With all of that being said, how does it affect the psychology of the parents? Its good for the child to see the behavioral differences between men and women. Its good for young boys and girls to see Mom as protective and supportive while Dad is more of a risk taker and rule enforcer. But life doesn't exist in a vacuum and neither do our choices. Moms and Dads, while still being unique individuals, must come together when it involves raising a child. And when they disagree, it has impact on more than just the kids.
For those in a traditional Dad role of primary breadwinner, there are few greater moments in the day than coming home to a smile, hug, and "hi" from your kids. Your duty of providing for the financial well-being of your family puts you in contrast with the desire to be home with them to nurture and play. So when those two worlds can come together, its a wonderful feeling. Mom has had the fortune to spend the day with the kids and see them walk, hear new words, bring home tests with gold stars, ask about going to a party, or some other event that is a milestone in the life of a child.
When Dad arrives, he has some catching up to do. What did Billy say today? How many steps did Joanna take? Did Noah ask that girl out? But the good moments aren't all that Mom has seen or cultivated. There are moments which need discipline as well. Sally threw her plate on the floor and throws temper tantrums. Elijah kicked the cat three times today. Brittany brought home another D+.
During those moments, it can be easy for a Dad to think, "If Mom wasn't so tolerant of bad behavior, it wouldn't be happening." In all honesty, that could be an accurate observation in some cases. It can also go both ways if Dad is the primary disciplinarian and/or stay-at-home parent. As I mentioned earlier, Mom is traditionally the one to provide protection and support while Dad is the rule guy. But he needs to remember that Mom is home all day with the behaviors and has probably used a variety of tools to deal with problems. Don't assume she sees bad behavior and says, "honey, Mommy would like you to stop that. But if you don't, I love you anyway." She's probably taken toys away, used time outs, and given stern lectures in volumes a notch or two above normal. When Dads see a bad behavior recurring, they should take the time to talk to Mom in private and see what has been tried. Neither of you is parenting alone.
It is always best for the child to see a unified front from the parents. Both rewards and discipline should be a team effort. Come to an agreement about how a situation will be handled. Have these discussions on a daily or weekly basis, even if a particular scenario hasn't happened yet. Nothing wrong with planning!

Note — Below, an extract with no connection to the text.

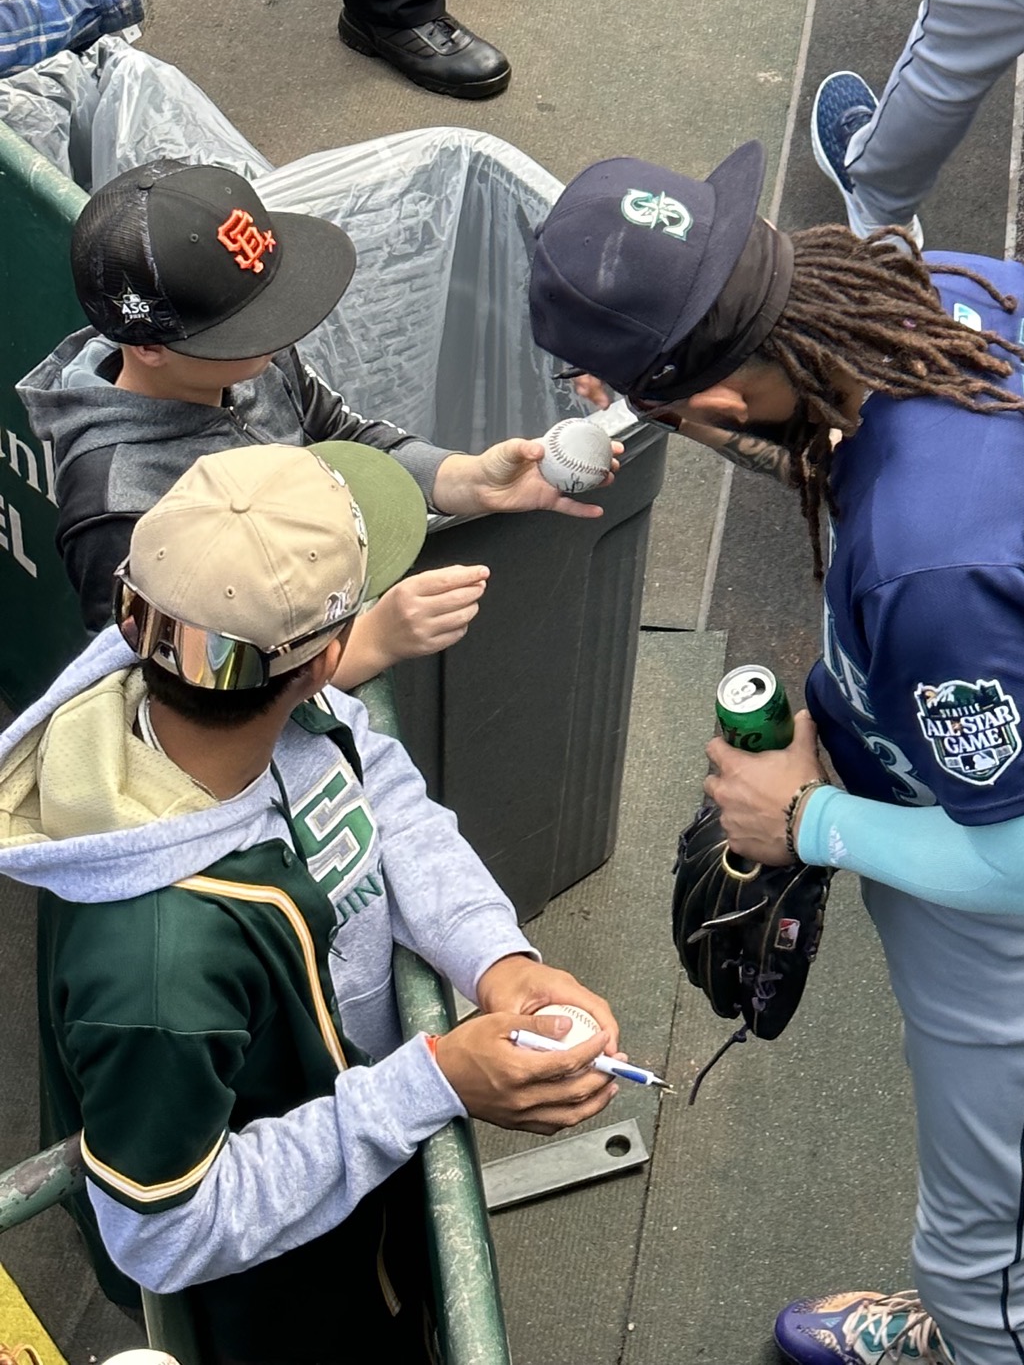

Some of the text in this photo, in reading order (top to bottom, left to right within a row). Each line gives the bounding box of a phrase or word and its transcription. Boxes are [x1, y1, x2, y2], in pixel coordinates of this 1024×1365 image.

[121, 301, 150, 315] ASG
[939, 702, 981, 718] SEATTLE
[943, 728, 1003, 754] GAME

The important thing for Dad to remember is that it can be easy to blame Mom for a behavior, but it isn't always right. Talk about it first. You know the old adage about assuming. Mom may have tried your recommended approach already. She may have gone beyond your idea already. You won't know until you talk about it. If she has, discuss a new approach to curb the bad behavior. Whether your child is two or 12, they need a couple of parents who will work together and show them what it means to be a responsible young adult.